DESCRIPTION (provided by applicant): The broad objective of this study is to identify molecular targets regulating zebrafish craniofacial skeletogenesis and primary and replacement tooth formation (RTF), that can be manipulated to repair human craniofacial skeletal and tooth defects in humans. Although significant research efforts have resulted in the identificaton of certain gene mutations responsible for human craniofacial skeletal defects, functional characterizations have been hampered by limited availability of human tissues and suitable animal models.
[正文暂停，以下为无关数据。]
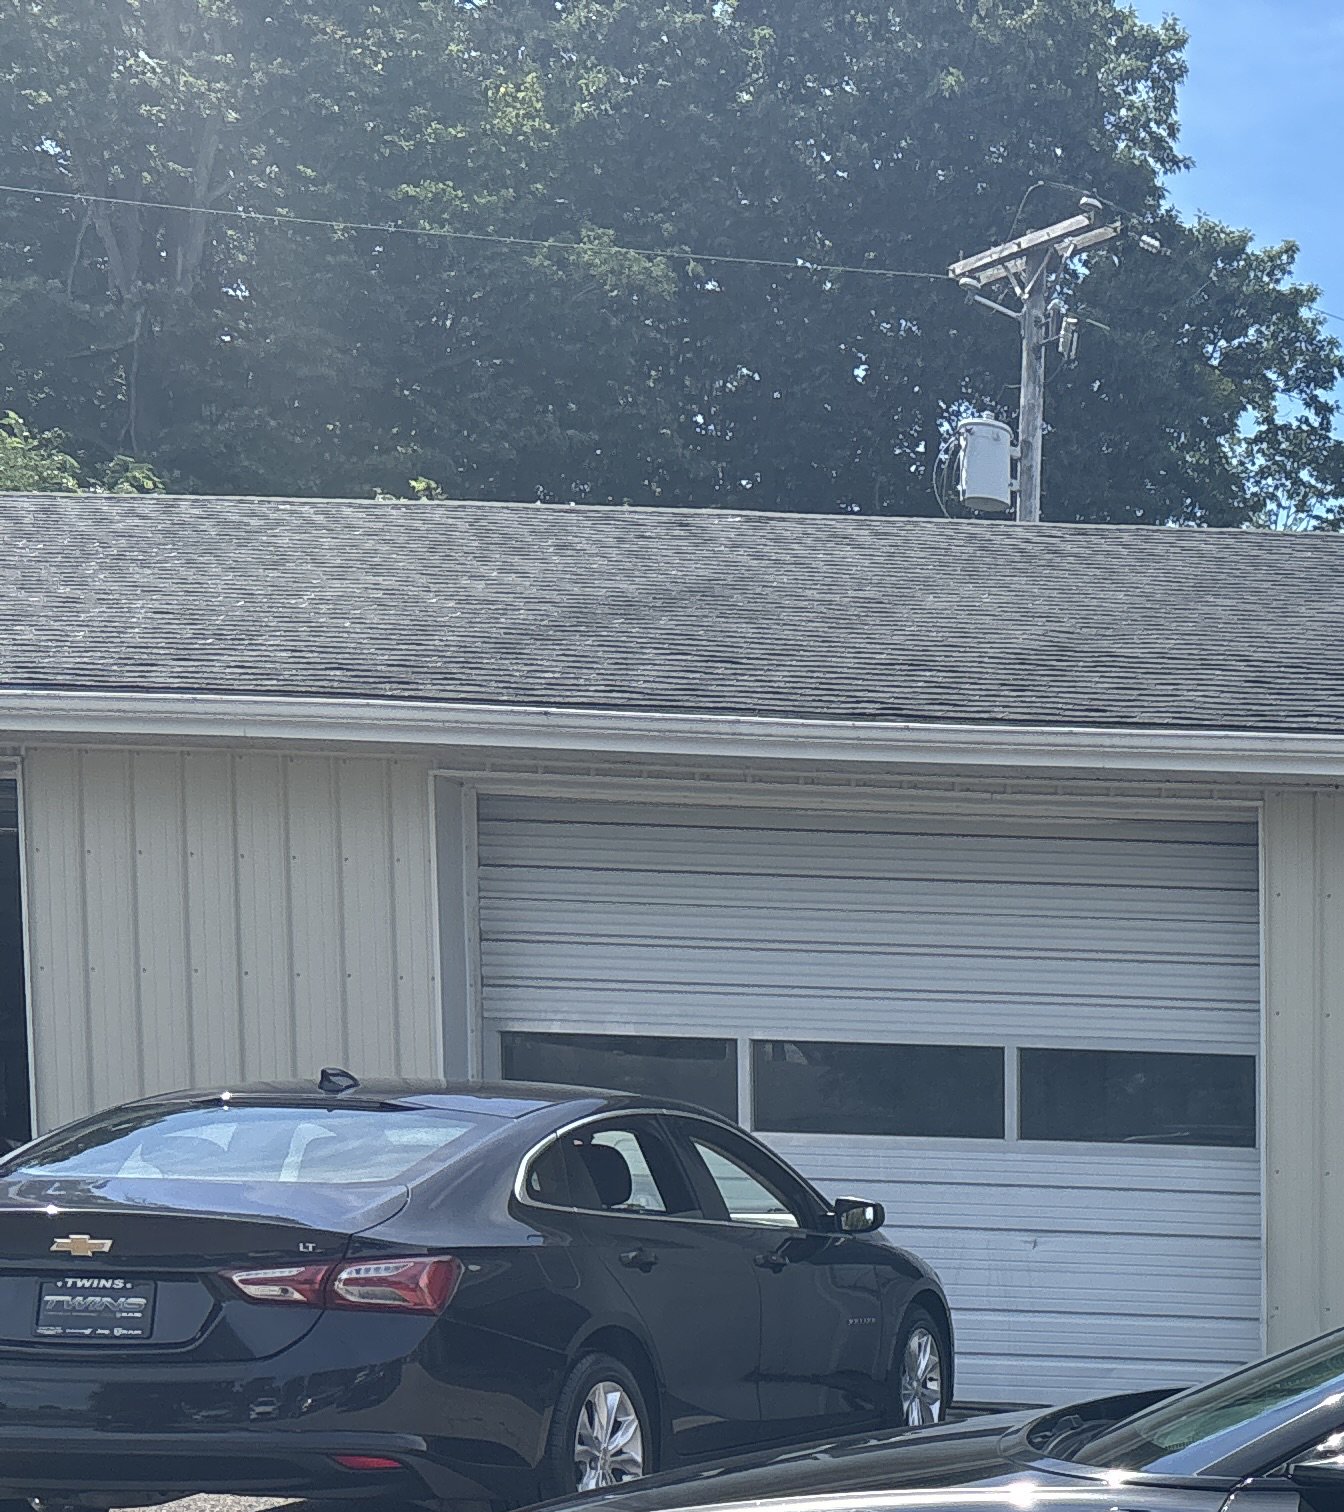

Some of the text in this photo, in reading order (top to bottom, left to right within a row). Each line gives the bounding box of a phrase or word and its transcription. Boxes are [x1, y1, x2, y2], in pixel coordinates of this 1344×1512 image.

Similarly, clinically relevant biological therapies to regenerate teeth do not currently exist, and research on tooth regeneration strategies is hampered by similar limitations. Targeted, molecular based therapies to effectively and permanently correct mineralized craniofacial and tooth defects would be a significant advancement over current surgical repair methods. The fact that zebrafish craniofacial skeletal development closely resembles that of mammals, combined with the fact that zebrafish continuously regenerate teeth throughout their lives, provides a unique opportunity to define and funcitionally characterize molecular signaling cascades directing mineralized craniofacial skeletal and replacement tooth development. The extensive conservation of gene identity, genomic organization and gene function between zebrafish and humans allows for studies in zebrafish to be directly related to human development. Our long term goal is to identify genetic pathways that can be manipulated to repair craniofacial skeletal defects and initiate RTF in humans. The objective of this study is to exploit the zebrafish to perform functional studies of molecular mechanisms regulating craniofacial mineralized skeletal and tooth formation. In this proposal we will first perform a forward genetic ENU mutagenesis screen, combined with a sensitive in vivo assay for mineralized tissue formation, to identify novel craniofacial skeletal and RTF mutants. Next, we will confirm the molecular identity, and perform functional characterization, of each identified mutant. We anticipate that the proposed studies will reveal molecular signaling cascades that may facilitate the implementation of clinically relevant gene based therapies to correct mineralized craniofacial skeletal and tooth defects in humans.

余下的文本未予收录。